* _Stored data entries_:
+-------+

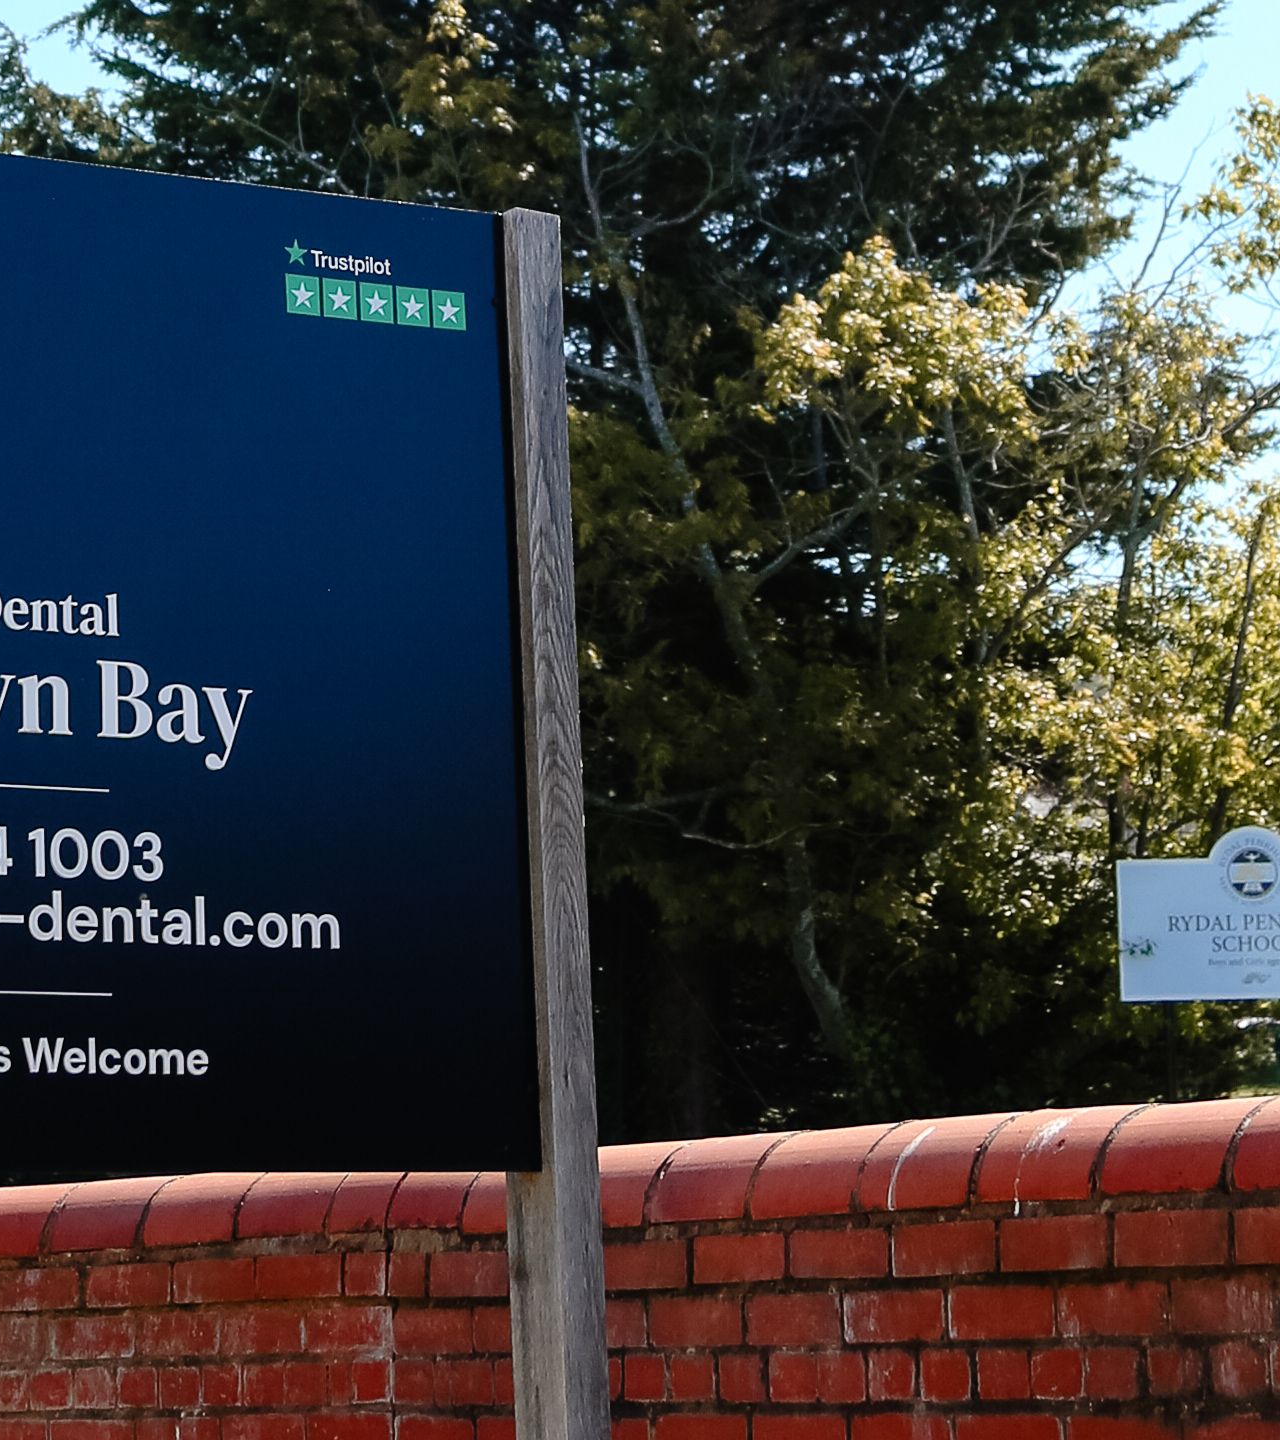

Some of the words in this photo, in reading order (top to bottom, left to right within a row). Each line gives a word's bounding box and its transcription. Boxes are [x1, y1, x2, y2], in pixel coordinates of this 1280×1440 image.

[310, 249, 392, 276] Trustpilot
[96, 659, 254, 771] Bay
[28, 827, 164, 882] 1003
[1167, 914, 1238, 932] RYDAL
[22, 1037, 209, 1076] Welcome
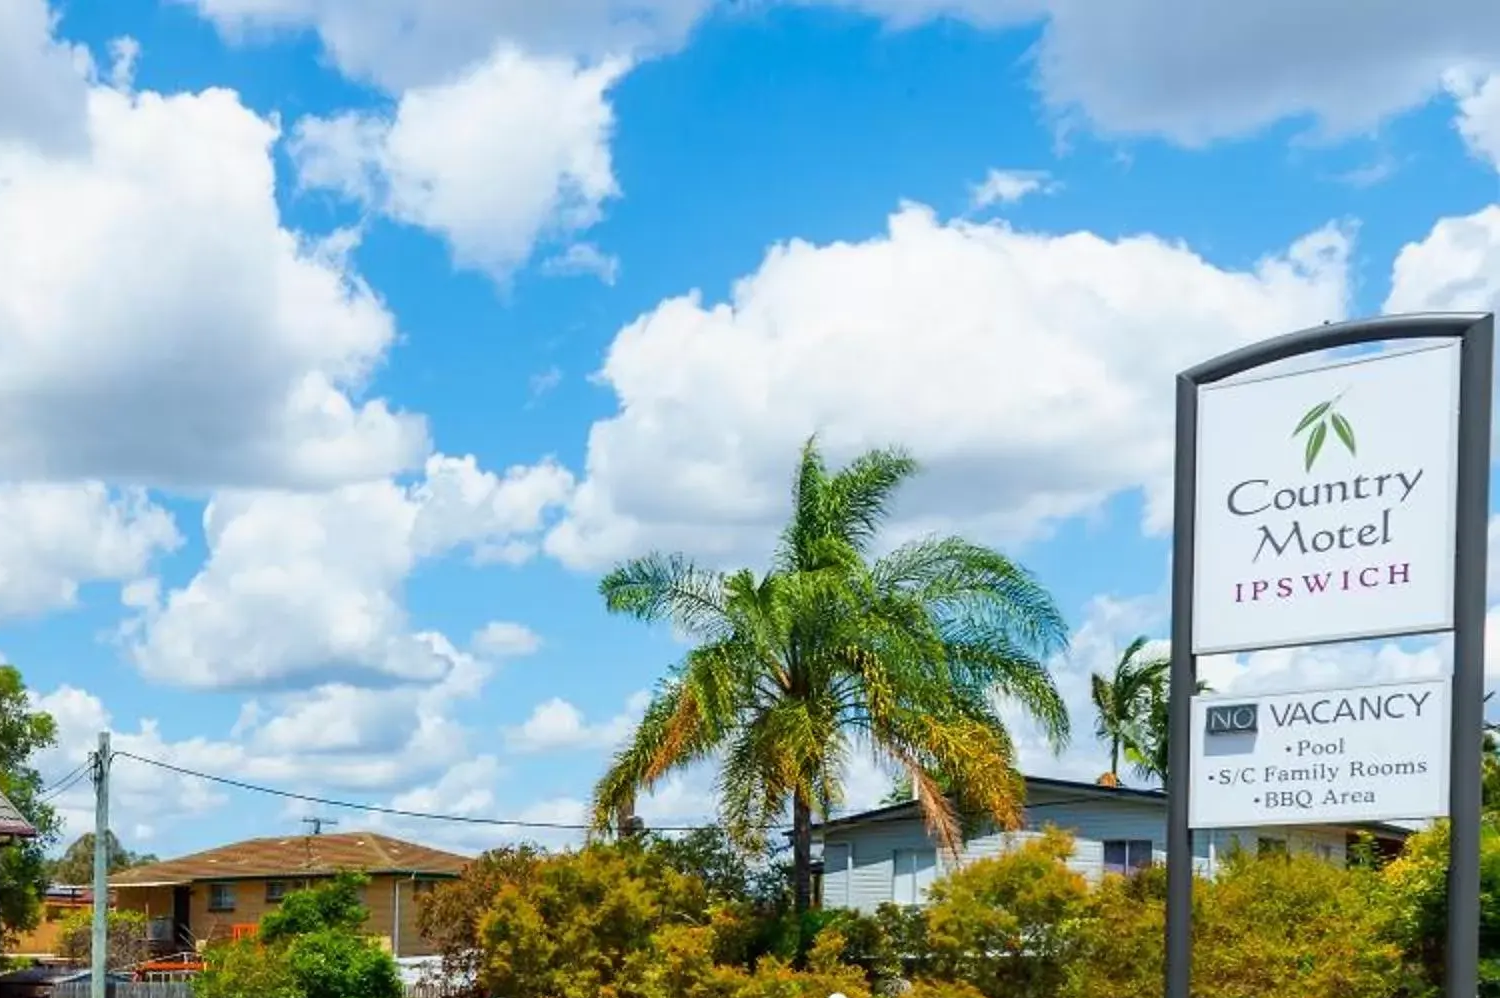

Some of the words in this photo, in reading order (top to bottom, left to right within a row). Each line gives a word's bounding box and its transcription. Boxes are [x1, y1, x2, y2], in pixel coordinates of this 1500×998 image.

[1227, 468, 1423, 516] Country
[1252, 508, 1393, 563] Motel
[1235, 562, 1410, 602] IPSWICH
[1210, 707, 1256, 729] NO
[1269, 691, 1432, 727] VACANCY
[1297, 738, 1345, 756] Pool
[1218, 767, 1256, 785] S/C
[1263, 763, 1339, 782] Family
[1349, 760, 1428, 777] Rooms
[1264, 790, 1313, 808] BBQ
[1323, 789, 1376, 805] Area
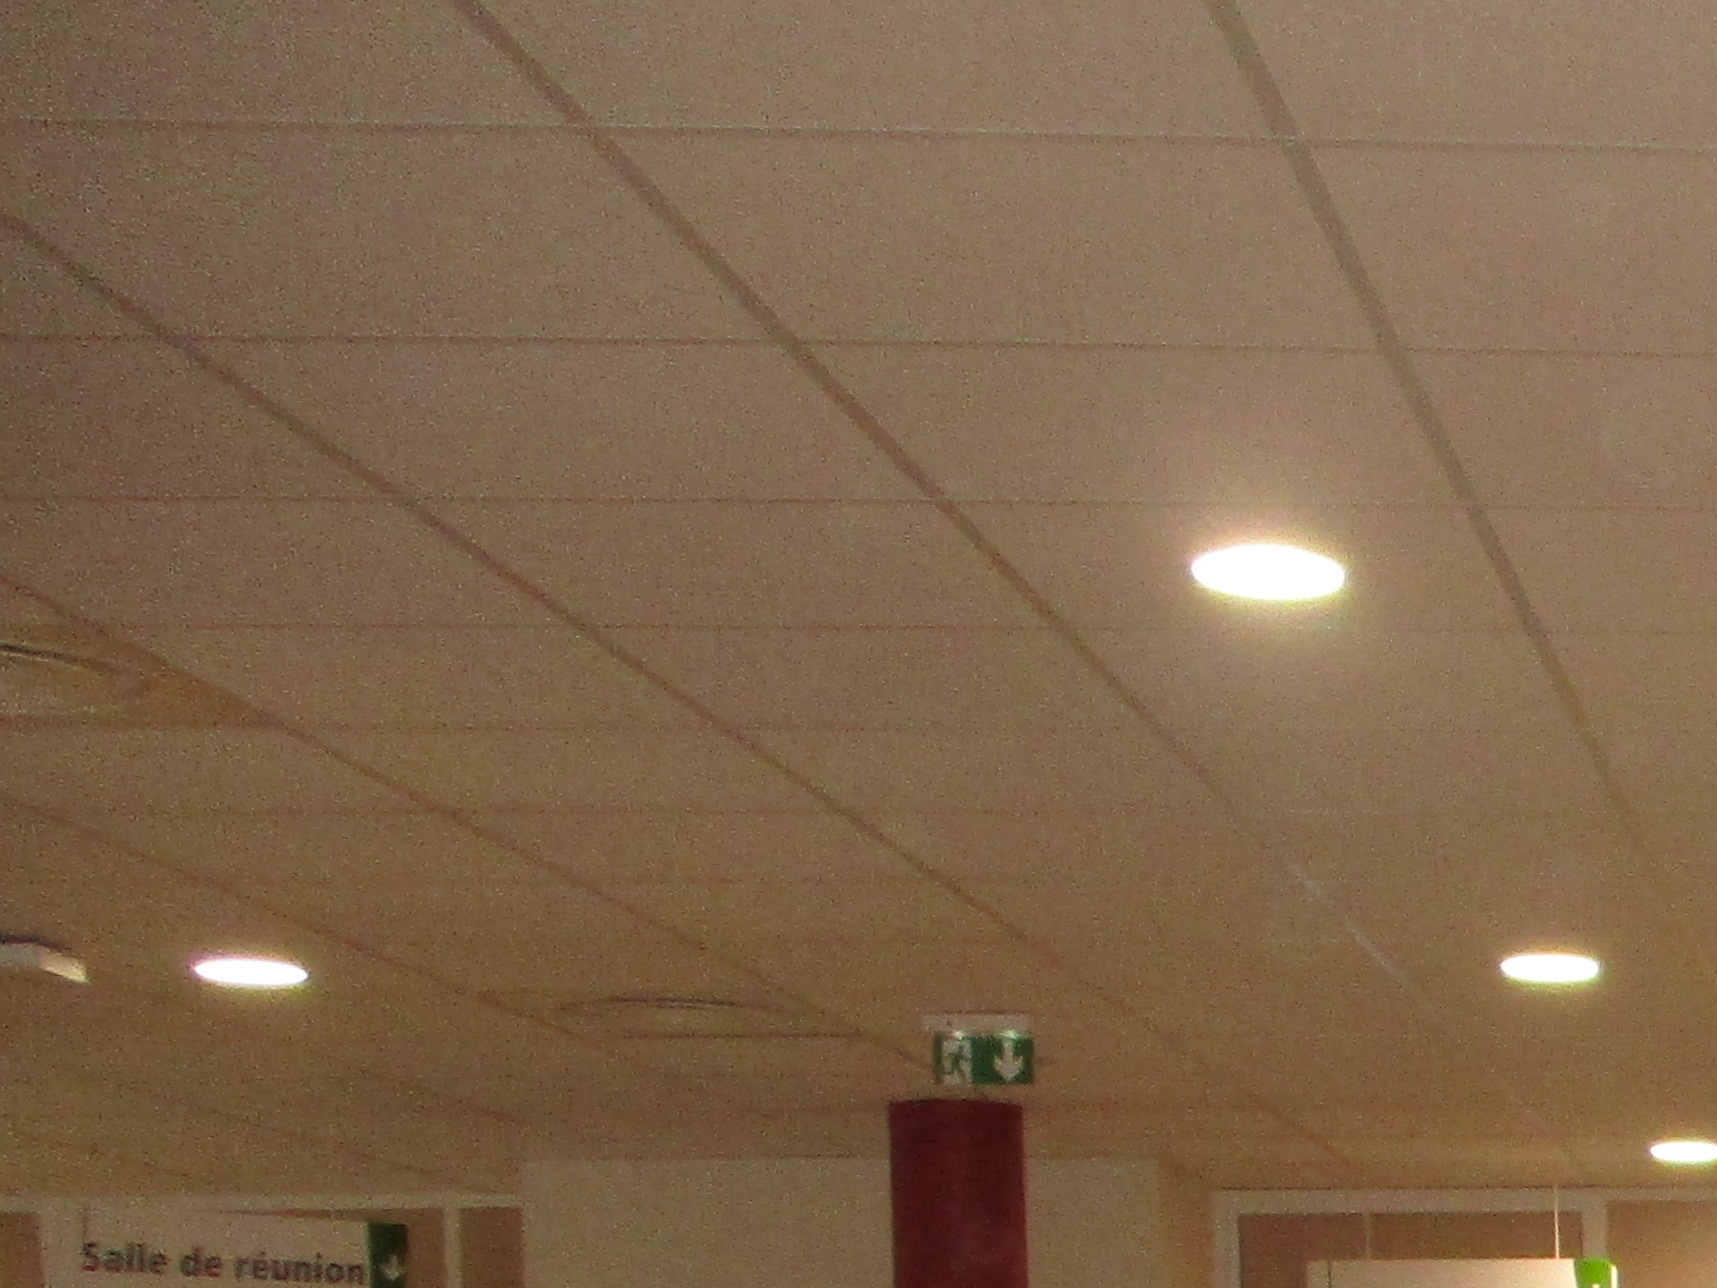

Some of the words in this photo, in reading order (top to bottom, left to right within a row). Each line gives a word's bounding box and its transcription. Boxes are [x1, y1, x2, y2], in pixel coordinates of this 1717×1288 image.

[81, 1242, 168, 1275] Salle
[180, 1246, 224, 1279] de
[234, 1251, 365, 1285] réunion
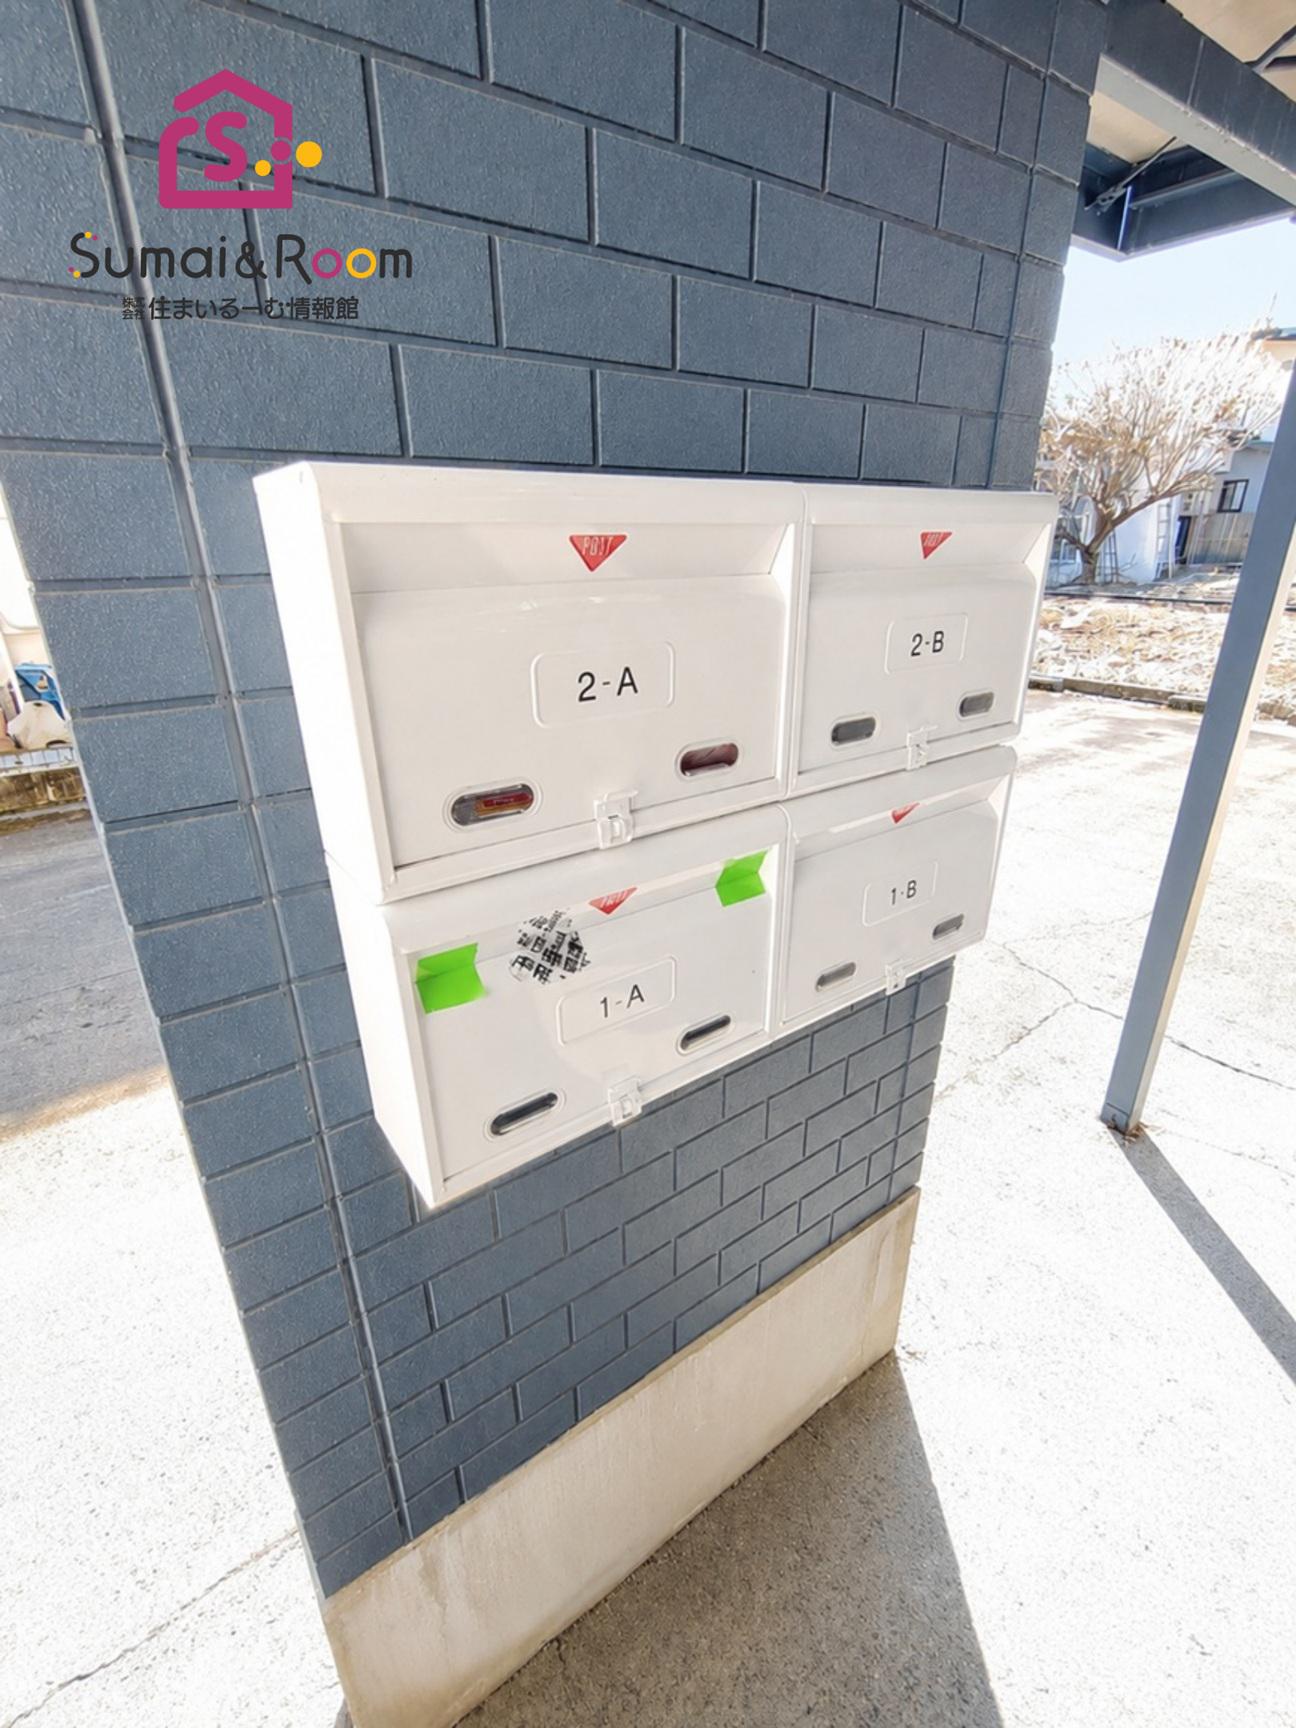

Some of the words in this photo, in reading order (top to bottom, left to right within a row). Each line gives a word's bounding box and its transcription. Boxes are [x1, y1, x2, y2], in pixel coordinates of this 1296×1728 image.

+-------+

* _Requirement_: Could you transcribe the records above exactly, leaving every picture out?

* _Written answer_:
Some of the words in this photo, in reading order (top to bottom, left to right within a row). Each line gives a word's bounding box and its transcription. Boxes are [x1, y1, x2, y2], in pixel coordinates of this 1280×1440 image.

[310, 249, 392, 276] Trustpilot
[96, 659, 254, 771] Bay
[28, 827, 164, 882] 1003
[1167, 914, 1238, 932] RYDAL
[22, 1037, 209, 1076] Welcome

Some of the words in this photo, in reading order (top to bottom, left to right within a row). Each line gives a word's bounding box and its transcription. Boxes are [x1, y1, x2, y2], in pixel coordinates of this 1500×998 image.

[1227, 468, 1423, 516] Country
[1252, 508, 1393, 563] Motel
[1235, 562, 1410, 602] IPSWICH
[1210, 707, 1256, 729] NO
[1269, 691, 1432, 727] VACANCY
[1297, 738, 1345, 756] Pool
[1218, 767, 1256, 785] S/C
[1263, 763, 1339, 782] Family
[1349, 760, 1428, 777] Rooms
[1264, 790, 1313, 808] BBQ
[1323, 789, 1376, 805] Area

Some of the words in this photo, in reading order (top to bottom, left to right within a row). Each line gives a word's bounding box and its transcription. Boxes are [x1, y1, x2, y2], in pixel coordinates of this 1717×1288 image.

[81, 1242, 168, 1275] Salle
[180, 1246, 224, 1279] de
[234, 1251, 365, 1285] réunion

Some of the words in this photo, in reading order (top to bottom, left to right within a row). Each line gives a word's bounding box and its transcription. Boxes are [x1, y1, x2, y2], in pixel coordinates of this 1296×1728 image.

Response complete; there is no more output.